“Is that what my uncle told you?”
He rolls his eyes, still coughing. “I looked it up. It’s not a bomb, Gen. It’s a bacterial infection. It’ll scare the crap out of them, but they’ll be fine. And maybe a little more humble.”
I grab a handful of his hair and shove his head against the wall, holding him upright. “It won’t just scare them if they inhale it!” I shout at him. “It could kill them. There are kids in there! Your parents are in there!”
Holden blinks at me. He looks confused. Conflicted. Then his gaze hardens. “The kids will be fine. And my parents deserve whatever they get. My dad was going to leave me in the jungle, Genesis. He had a chance to get me out of there, but he chose the company over me. Over his own kid.” He shrugs. “You chose Indiana over me. You all deserve whatever you get.”
“That is psychotic—”
“Genesis!” Indiana pounds around the corner, and relief floods his face when he sees me. “The police are on the way. We need to get out of here.”

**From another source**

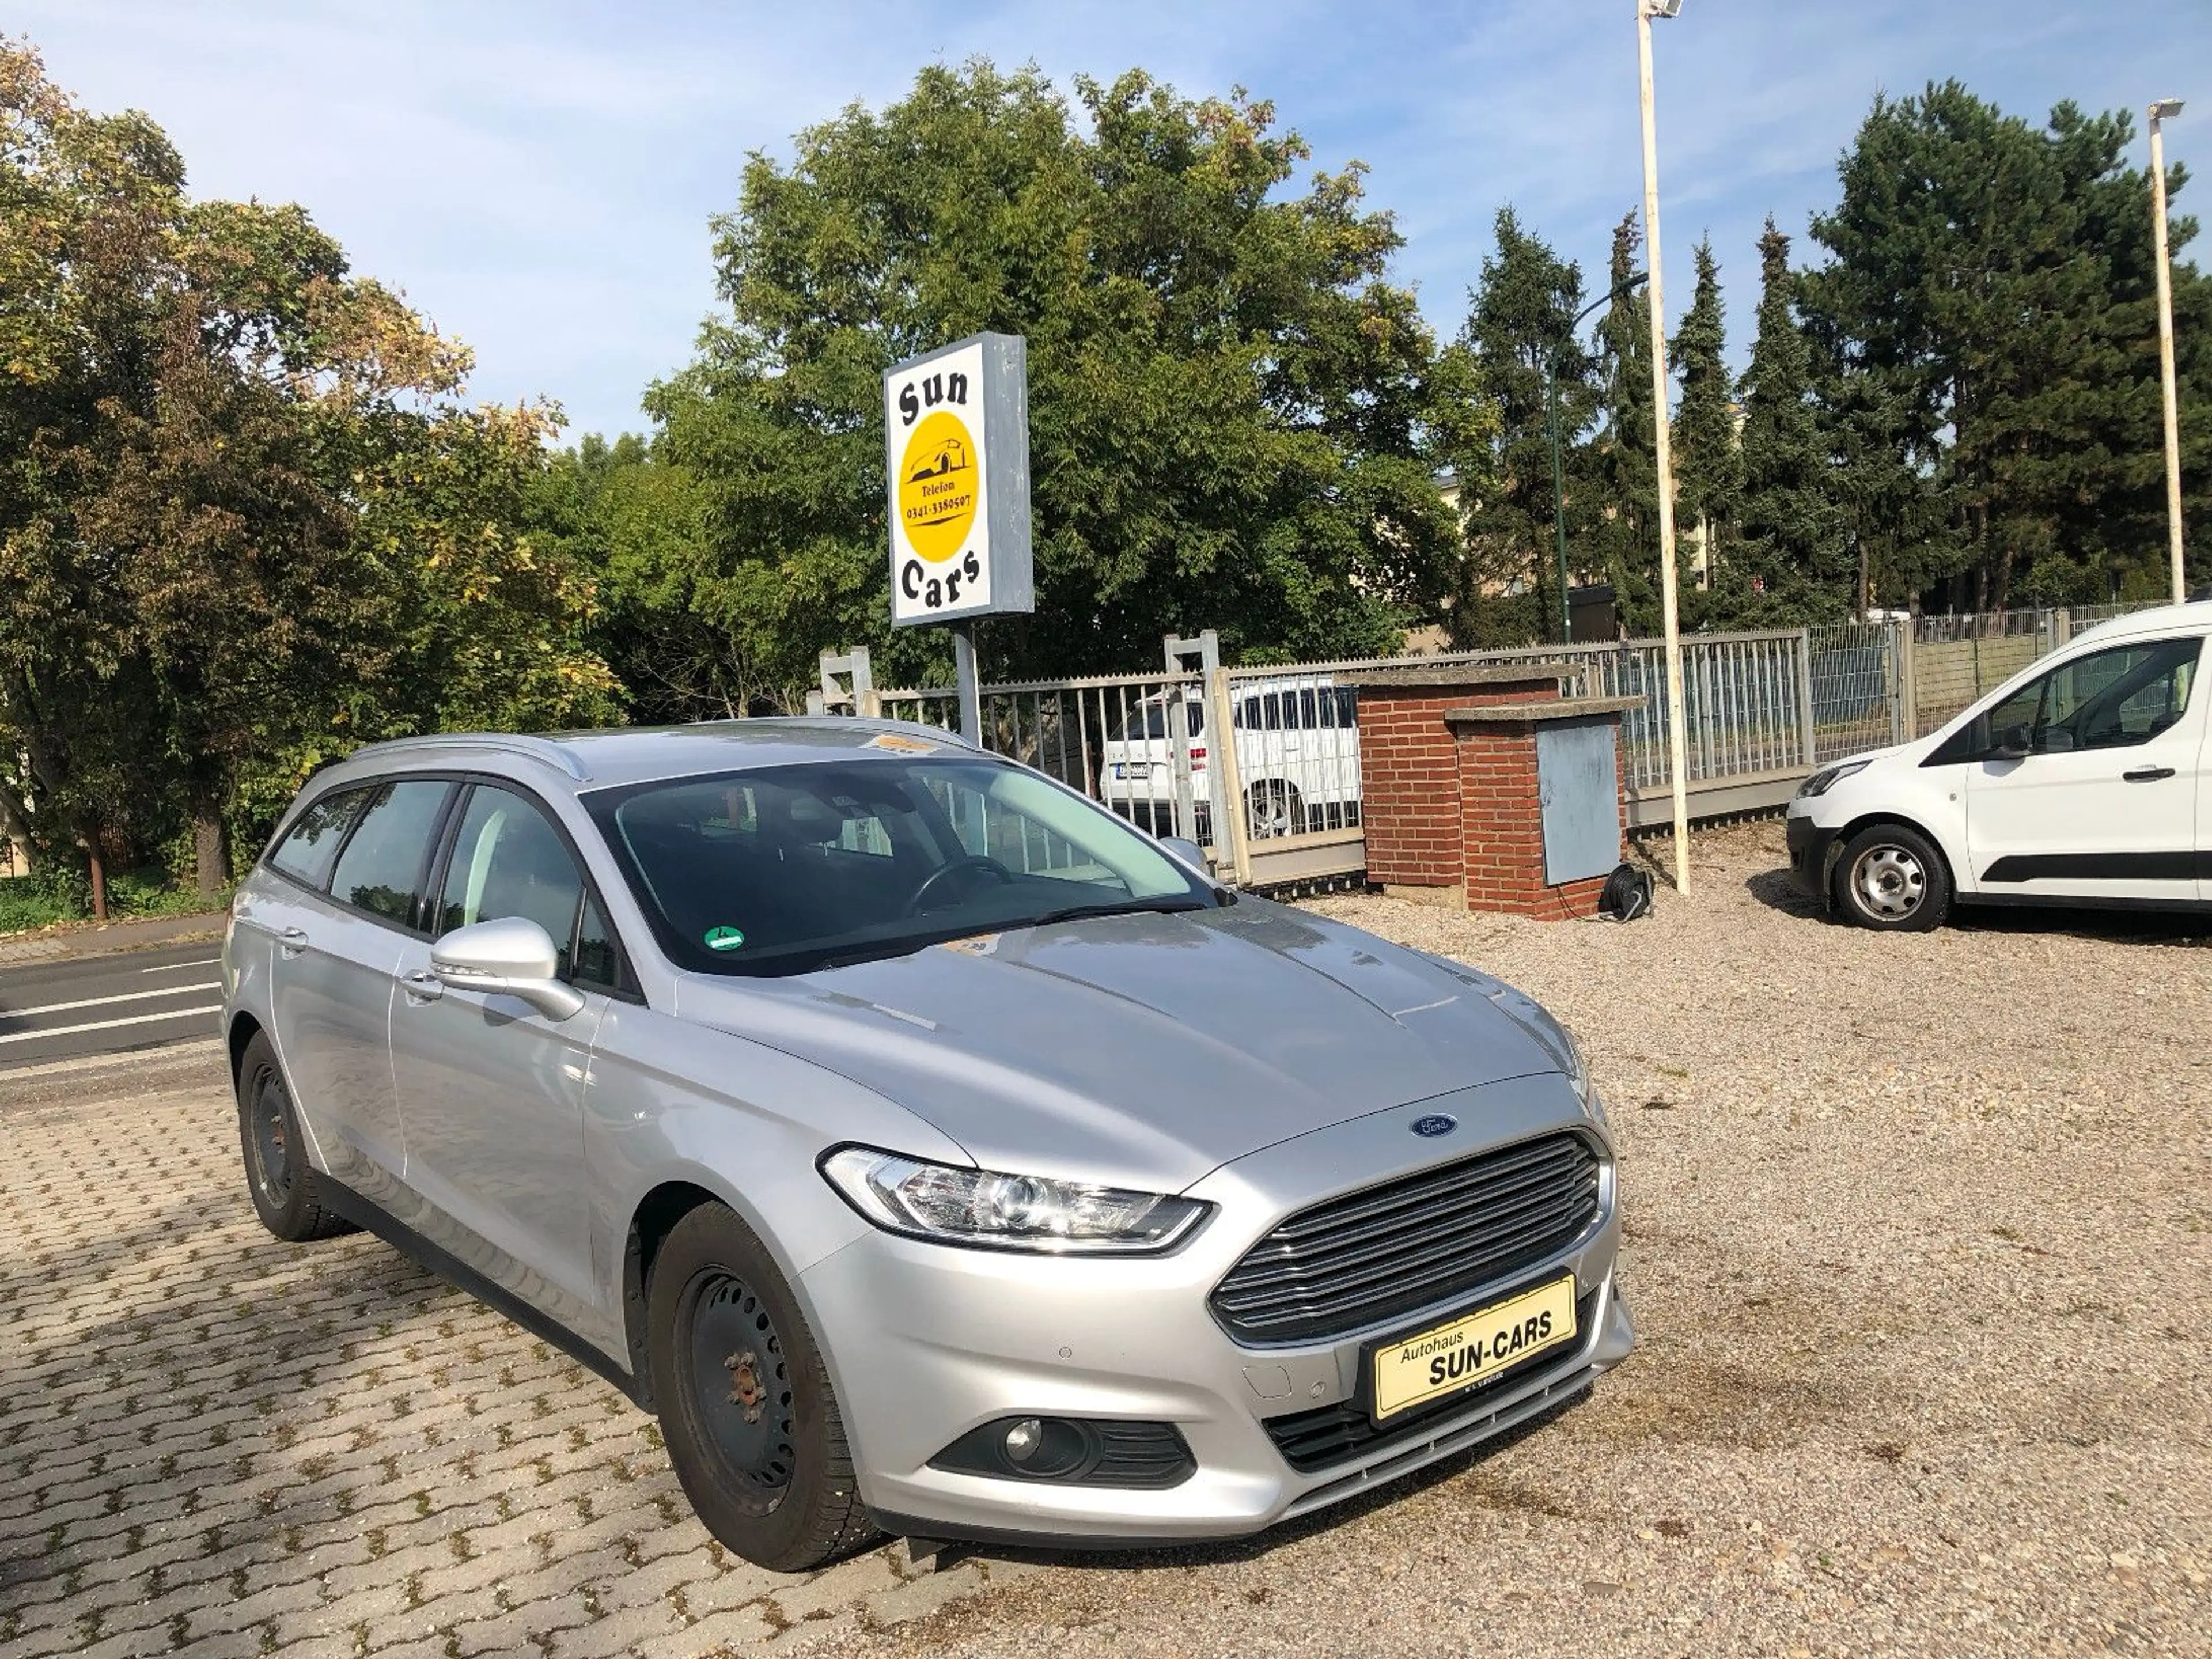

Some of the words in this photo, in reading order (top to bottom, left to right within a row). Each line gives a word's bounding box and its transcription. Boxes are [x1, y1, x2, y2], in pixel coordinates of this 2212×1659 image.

“Maddie and Luke?” I ask him. “Penelope?”
“They’re outside with everyone else. Waiting for the ambulances.”
And that’s when I hear the sirens. I exhale slowly. The police have arrived.
This is almost over.
“Come on.” I give Holden a shove in Indiana’s direction. Toward the front of the building.
He pulls free, backing away from us slowly. Hands up, as if to fend me off. “Everyone will be fine. Just . . . let me go. Your uncle promised to get me out of the country—”
“Yeah. About that.”
I whirl toward the familiar voice to find Silvana standing at the other end of the hall. Pointing a pistol at us.
Shit. My pulse whooshes in my ears. The hallway looks a little unsteady.
“There’s been a change of plans,” Silvana says.
I back away, hands up, palms out, and Indiana steps closer to me. As if he might step between me and the gun. But she isn’t even looking at us.
“David thanks you for your service.” Silvana aims at Holden. “Consider yourself relieved of duty.” Then she pulls the trigger.
Light flashes from the end of her gun in the dim hallway, and I gasp, half deaf. Holden grunts, but I can’t hear him. Then he slides to the floor.
Blood blooms on the front of his formal white shirt, low on one side, and spreads rapidly beneath the side of his tux jacket. His face goes pale. Pain flickers behind his eyes and he clutches the wound.
The clogged sound in my ears begins to clear, but they’re still ringing. I feel like I’m inside a gong.
Silvana turns to me, and fear becomes fire pumping through my veins. Sharpening my senses. “Silvana . . .”
“Don’t worry, princesa. David wants you alive, so you can live with the consequences of blowing up his arsenal. Have a great life. And say hi to your cousin for me.” Then she turns and disappears down the hall in the other direction.
A second later, I hear the squeal of sturdy hinges. Then a heavy door slams shut.
Silvana is gone.
“Gen . . . ,” Holden gasps. “Help me.”
“Is there anyone still in here!” a new voice calls from the front of the building.
“Yes! We’re back here!” I shout as I kneel next to Holden. Indiana takes off his jacket and presses it against Holden’s wound.
Two officers round the corner in the direction Indiana came from. They’re wearing gloves and respirators. “Ma’am, we need to get everyone out of the building.”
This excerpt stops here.